→ TASK TO CARRY OUT:
Every record that follows is to be copied exactly, with the pictures omitted.

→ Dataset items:
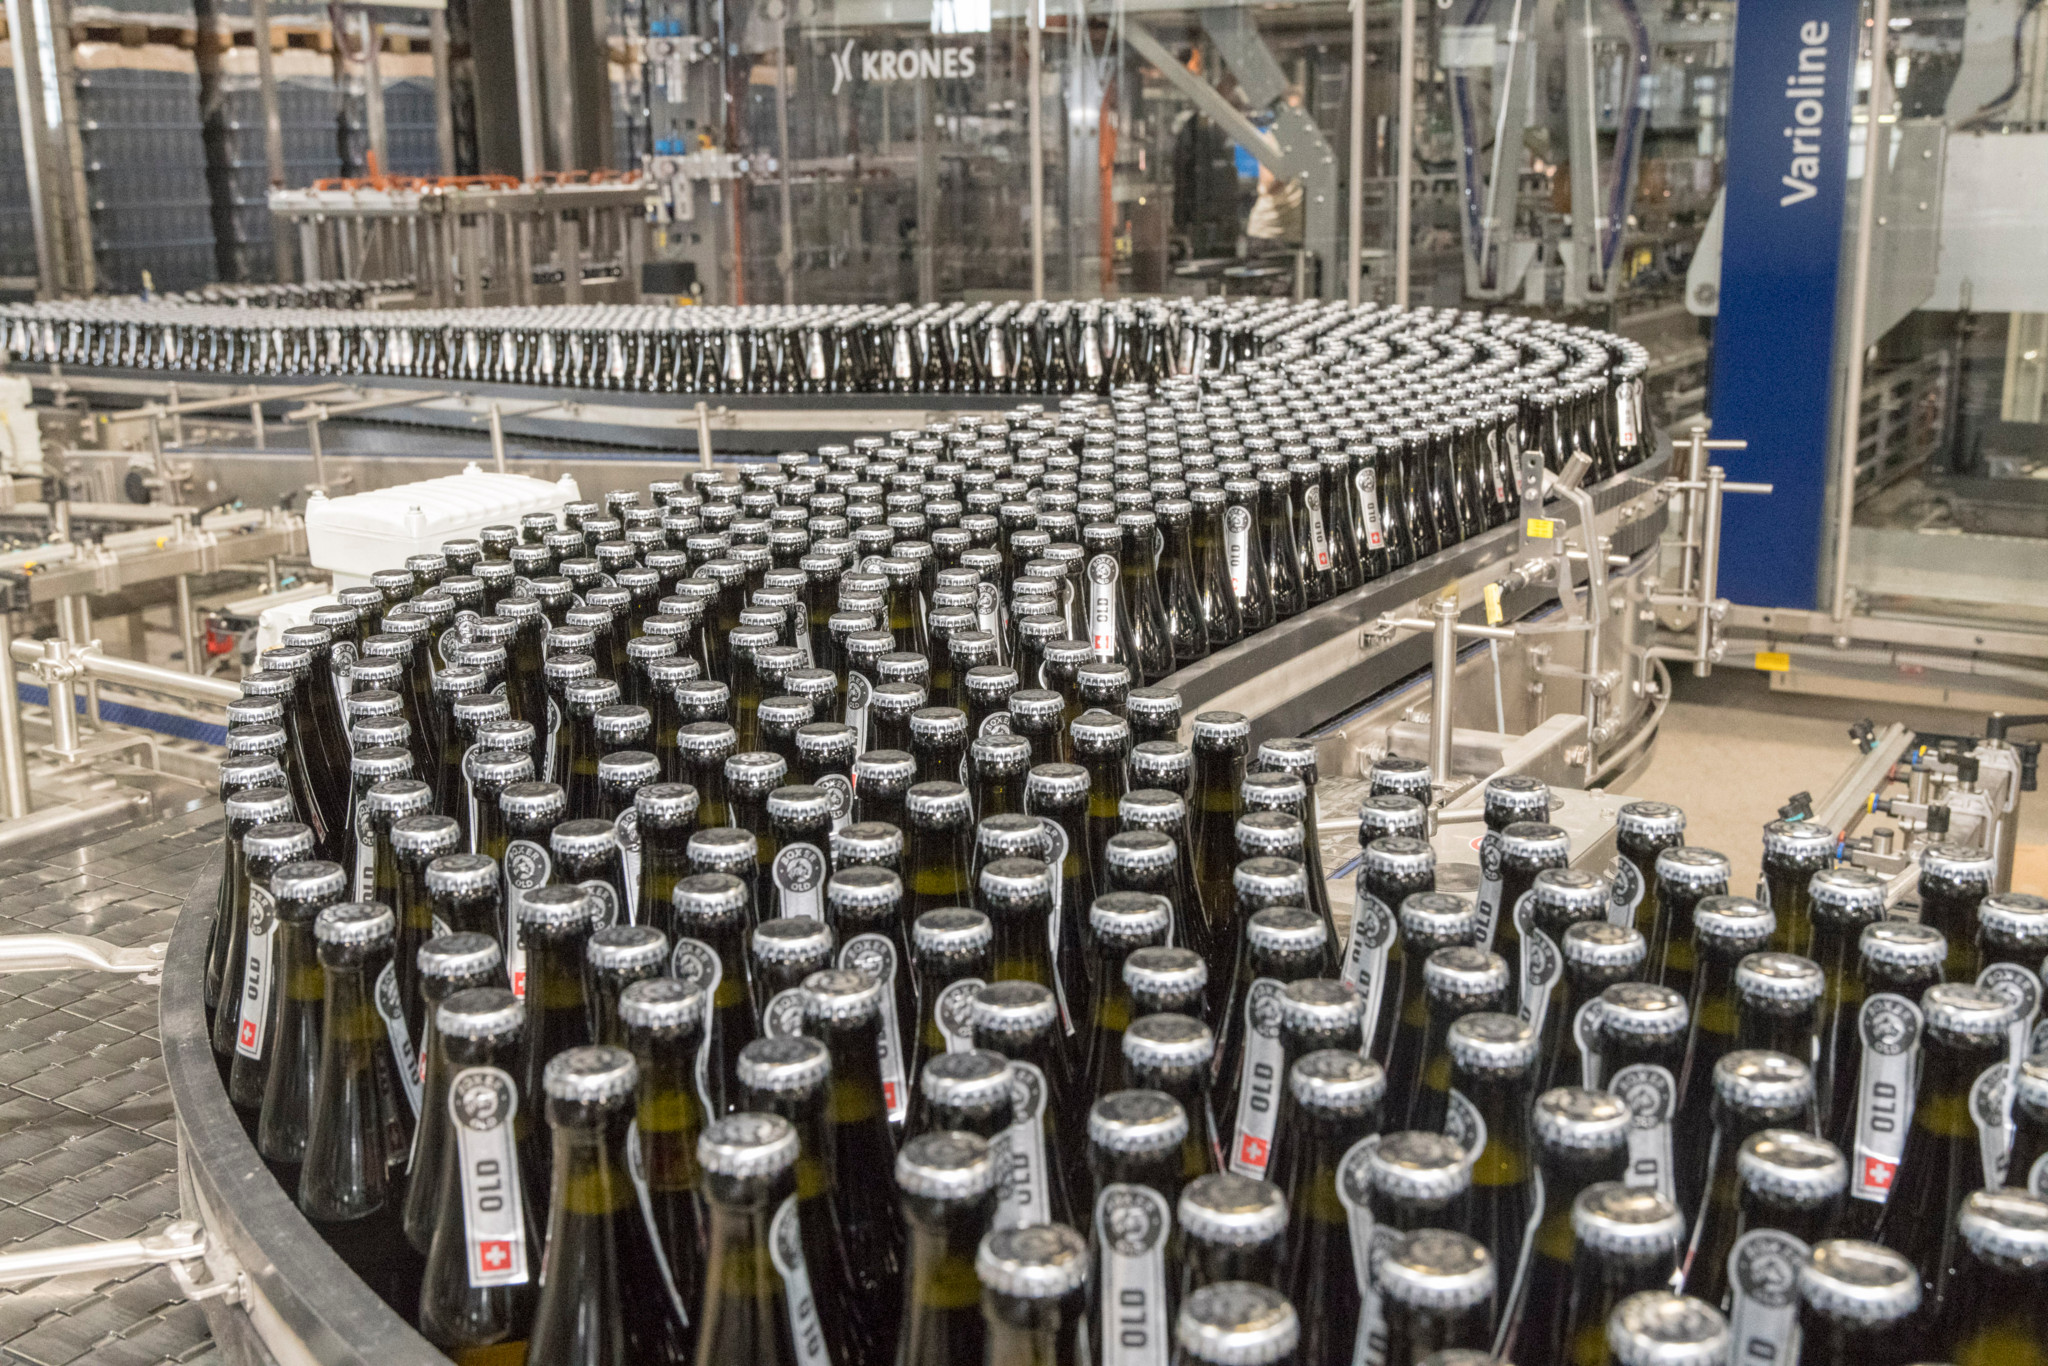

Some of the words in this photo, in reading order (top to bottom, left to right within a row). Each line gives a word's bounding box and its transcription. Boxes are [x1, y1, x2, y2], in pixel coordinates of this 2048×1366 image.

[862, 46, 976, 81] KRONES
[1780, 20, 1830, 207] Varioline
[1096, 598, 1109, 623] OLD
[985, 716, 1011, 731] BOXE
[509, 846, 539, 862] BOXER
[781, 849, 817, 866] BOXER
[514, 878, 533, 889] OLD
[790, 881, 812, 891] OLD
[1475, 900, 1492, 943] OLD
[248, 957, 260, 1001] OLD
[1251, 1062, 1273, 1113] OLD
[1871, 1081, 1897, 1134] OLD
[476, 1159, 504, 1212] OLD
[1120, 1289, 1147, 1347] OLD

→ YOUR RESPONSE:
Some of the words in this photo, in reading order (top to bottom, left to right within a row). Each line gives a word's bounding box and its transcription. Boxes are [x1, y1, x2, y2], in pixel coordinates of this 2048×1366 image.

[862, 46, 976, 81] KRONES
[1780, 20, 1830, 207] Varioline
[1096, 598, 1109, 623] OLD
[985, 716, 1011, 731] BOXE
[509, 846, 539, 862] BOXER
[781, 849, 817, 866] BOXER
[514, 878, 533, 889] OLD
[790, 881, 812, 891] OLD
[1475, 900, 1492, 943] OLD
[248, 957, 260, 1001] OLD
[1251, 1062, 1273, 1113] OLD
[1871, 1081, 1897, 1134] OLD
[476, 1159, 504, 1212] OLD
[1120, 1289, 1147, 1347] OLD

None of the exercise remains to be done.